I'll be heading out to enjoy the wonders of only drinking on rare occasions. 4 pints and I'll be merry, 8 and I'll be asleep.
There are problems with this seemingly simple plan. I don't fancy heading to a different town for a few so I have to contend with being recognised. I've been doing the 'go away you drunken twat' long enough in this town to be easily identified. I have to carefully select the venues I go to. No loud music or vertical drinking, no discount drinks and happy hours, no dimly lit hovels and no inexperienced bar-staff, all these kind of limit my choices. Luckily with a few years around town I know a select few pubs where I'll almost be the youngest there. The beer will be full price but well kept and I'll hopefully not have to prick up my ears to any bother.
When I'm out I can't switch off. I still keep my eyes open and tend to keep a line of sight to the door. I'll be checking out each merry punter as they bimble in and order their thirst quenching ales. If voices are raised or the language is inappropriate I'll sit up and listen. I think the years of working have tuned my adrenaline response to a very well used fast response. It can crank up my heart rate and focus my mind in less than seconds. Useful when working, a right git when out relaxing as a smashed glass or loud bang gets me out of my seat and ready to rock.

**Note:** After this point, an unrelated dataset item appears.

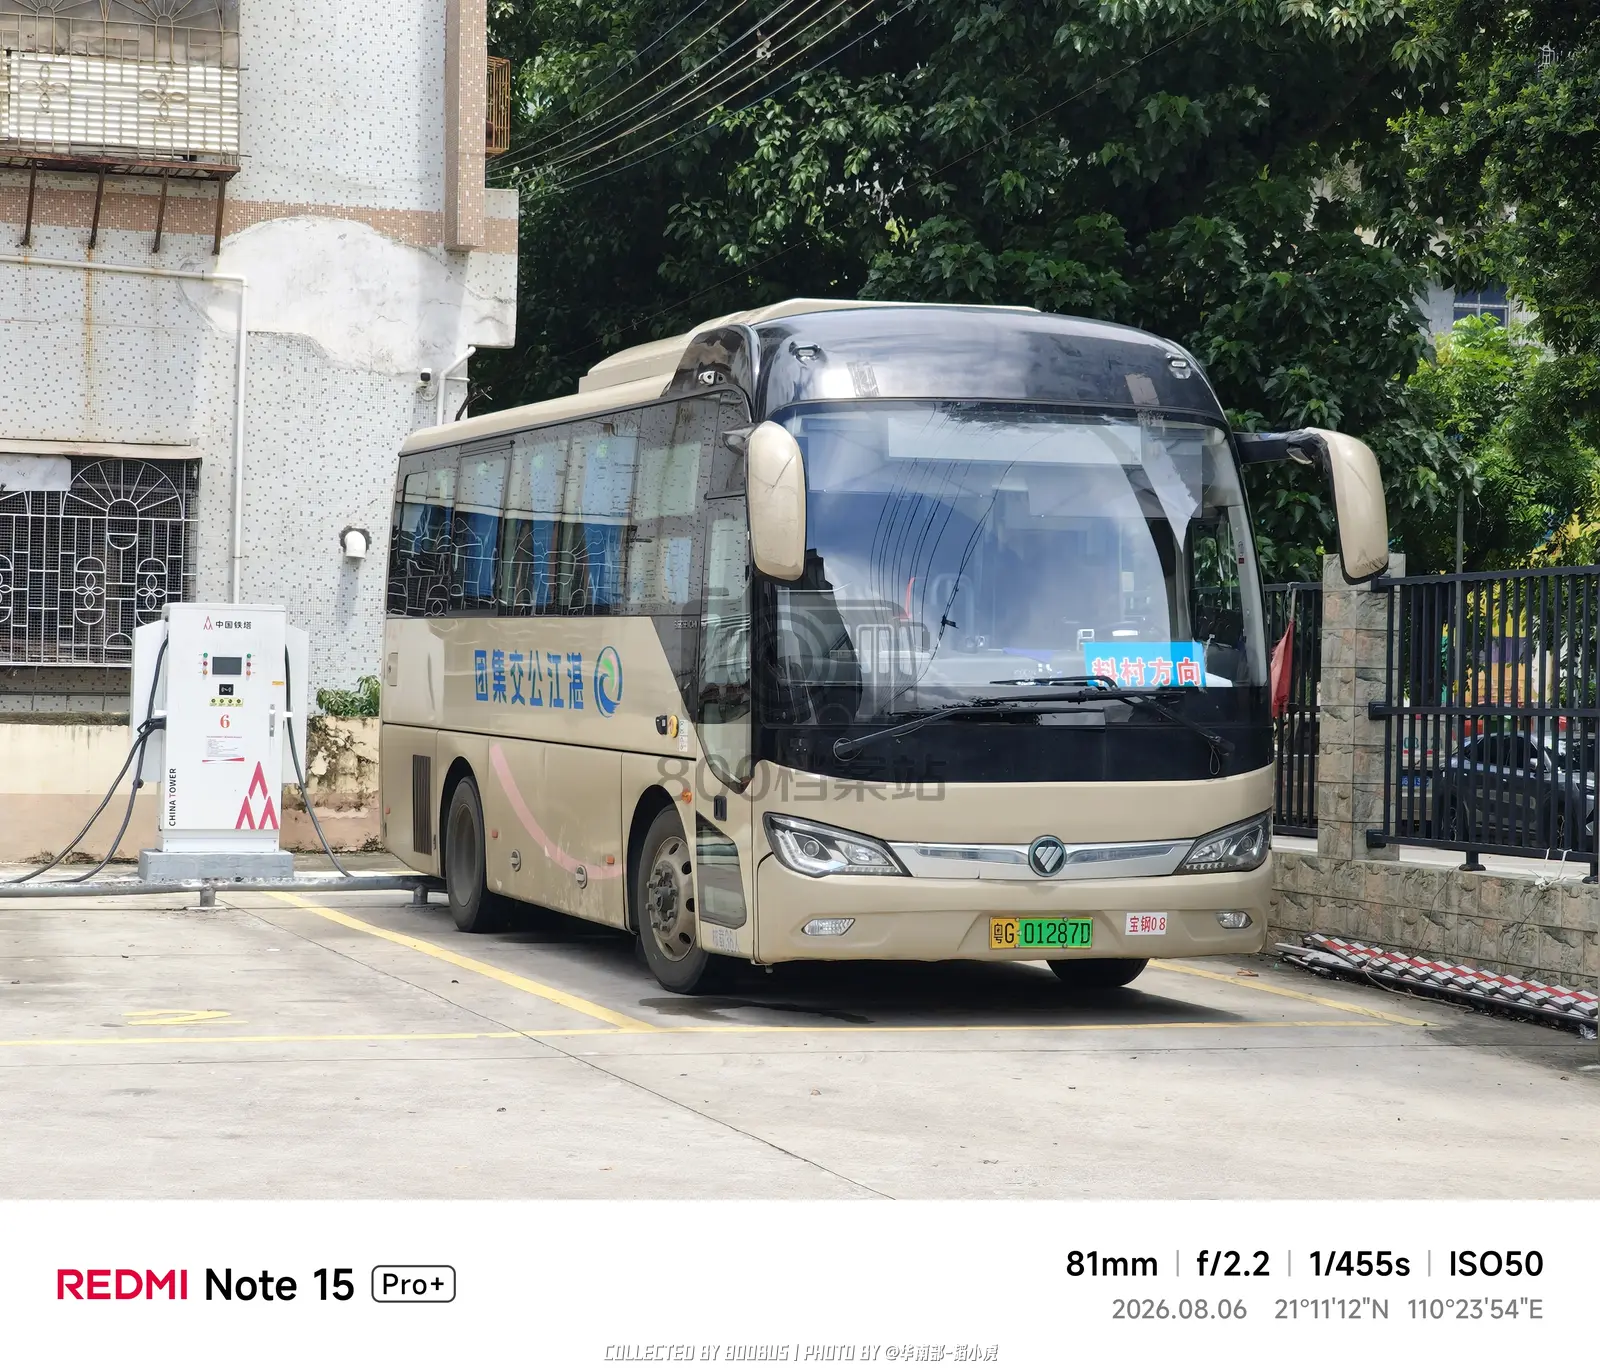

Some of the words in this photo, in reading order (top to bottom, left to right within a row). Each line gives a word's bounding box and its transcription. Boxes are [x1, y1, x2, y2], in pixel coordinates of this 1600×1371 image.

This said, by pint 7 I'll be very slowly rolling out of my seat and by 8 I'll be fast asleep in it, dreaming of loose women, machismo and takeaway food.
Taking your time
When I ask someone to leave it's not likely that they are the only person in the venue.
It's very likely there are a lot of people in. Some of these others will require my attention shortly, some I'll already have in mind, some won't have done something to catch my concerned eye yet.
I do have a lot of patience. I don't like to use it all at once, on any one customer.
When I've told someone three or more times in differing ways that they are leaving, I've given them time to let their mates know they're on their way out, I've waited while they get their cloakroom ticket out of their pocket, always finding it in at least the fourth place they look, I've waited while they stumble and wrestle their way into their outer garment and I've waited as they make it down to to the front door and stumble off the front step. I'll brief the front door folks and turn tail back to the many others awaiting my consideration.
What I'll not do is spend any-more time talking, arguing, listening to the insults, the excuses, the grovelling, the cheapskate attempts at bribery or the fantastical threats. I'll just leave them there and they can wander in in their own time, I've got better things to take my time. There may be a soda water to be gotten from the bar, or a toilet check or maybe, just maybe another drunk to be shown the door.